As per the reports, DiCaprio and Morrone first began dating in 2017.

Leonardo DiCaprio, Camila Morrone 'split' after four years together: Report

Hollywood stars Leonardo DiCaprio and Camila Morrone have called it quits after four years of relationship.

People magazine received confirmation of the couple's breakup from sources. DiCaprio and Morrone who had kept their romance a secret made their first public appearance together at the 2020 Academy Awards.


Morrone stated that she does not care about the couple's age gap in a December 2019 interview with the Los Angeles Times.

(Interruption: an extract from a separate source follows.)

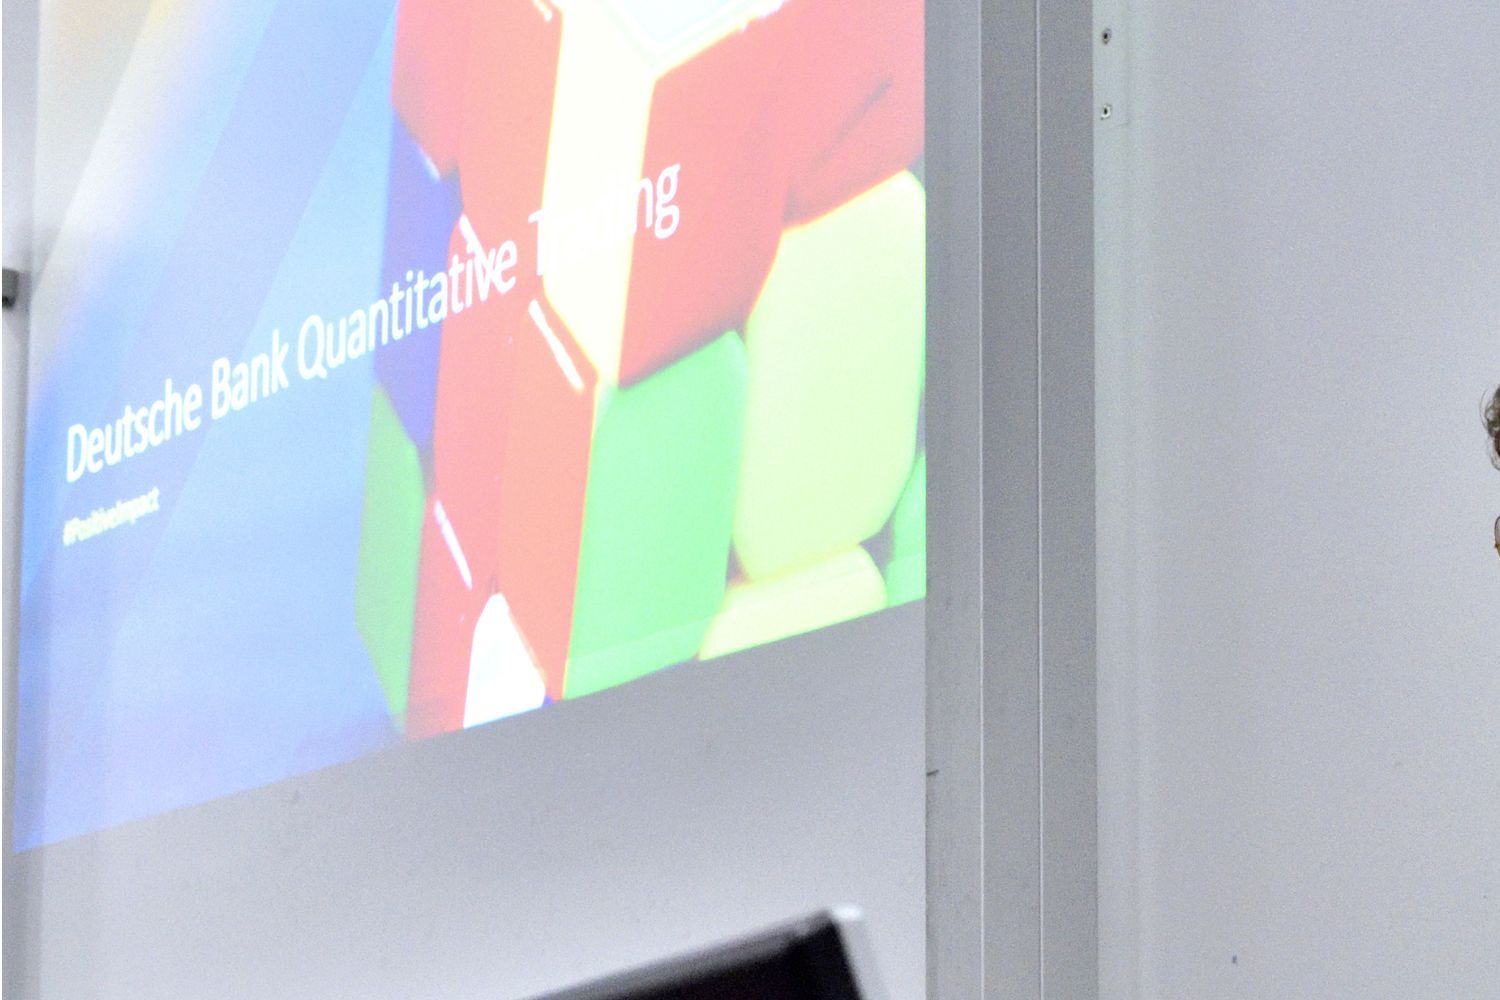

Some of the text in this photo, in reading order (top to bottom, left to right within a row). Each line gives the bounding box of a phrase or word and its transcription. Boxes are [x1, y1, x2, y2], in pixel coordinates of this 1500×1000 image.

[67, 378, 202, 482] Deutsche
[211, 330, 289, 419] Bank
[298, 240, 517, 378] Quantitative
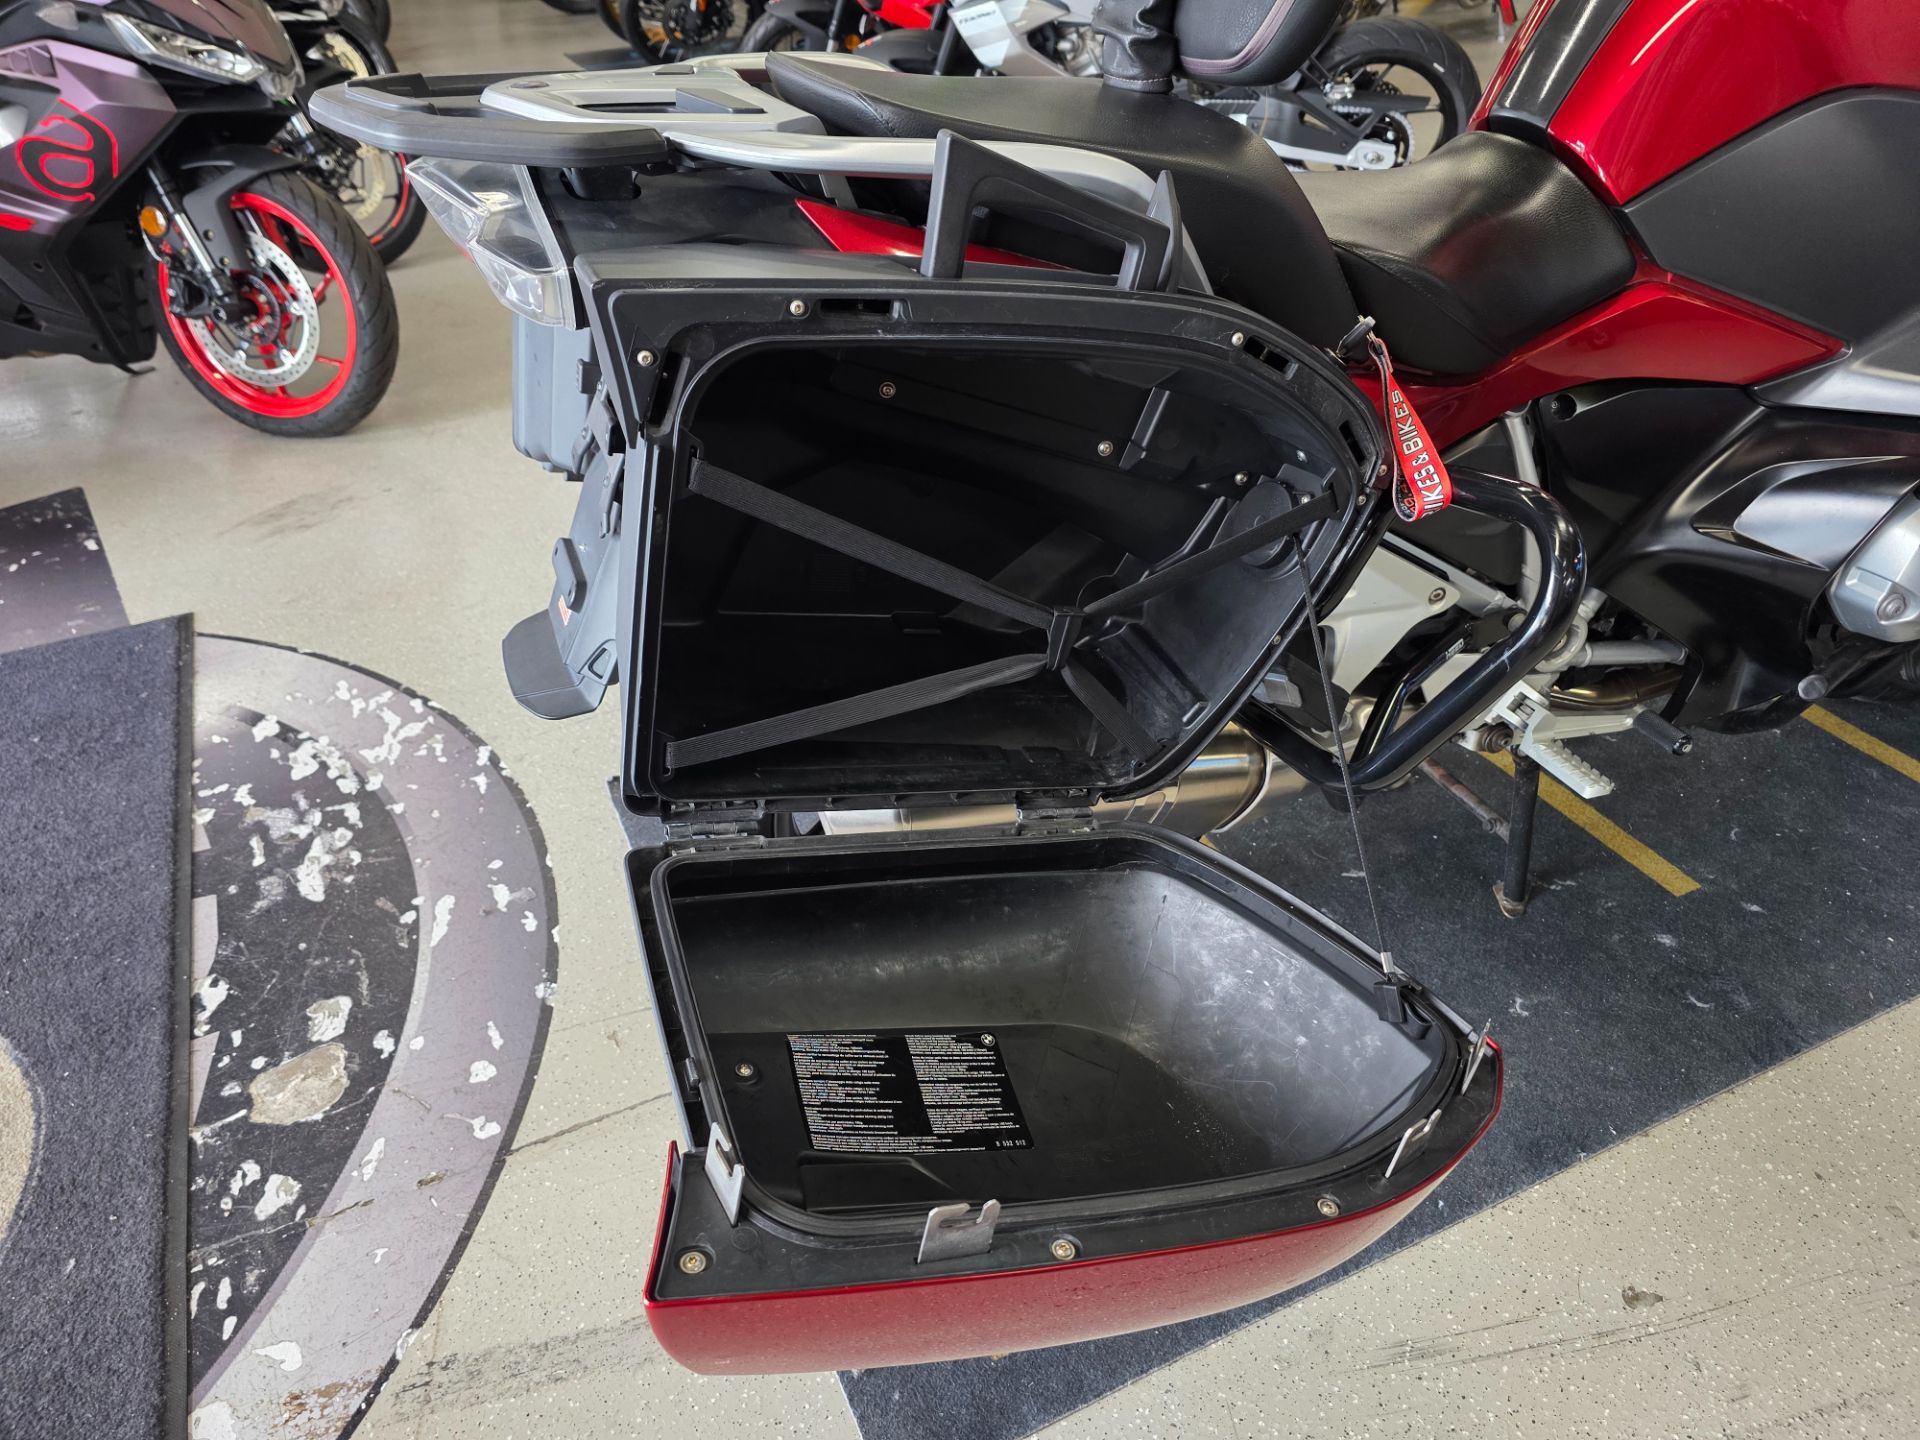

"There's so many relationships in Hollywood -- and in the history of the world -- where people have large age gaps," the actress said. "I just think anyone should be able to date who they want to date." She also noted that it was "frustrating" being mostly known due to her relationship with the Oscar winner.

As per the reports, DiCaprio and Morrone first began dating in 2017.

"I feel like there should always be an identity besides who you're dating. ... I understand the association, but I'm confident that will continue to slip away and be less of a conversation," she said.

According to a source who spoke to People magazine in June 2020, DiCaprio "loves being with" the model, and the two "spent 24/7" with each other during the 2020 pandemic lockdown.

According to Fox News, Morrone made her acting debut in the 2014 James Franco film "Bukowski." The best-selling novel "Daisy Jones & The Six" by Taylor Jenkins Reid will be adapted into a television series, and she will play Daisy Jones in that project.

Meanwhile, on the work front, DiCaprio will be reuniting with Martin Scorsese in "Killers of the Flower Moon," set to be released next year.

(ANI)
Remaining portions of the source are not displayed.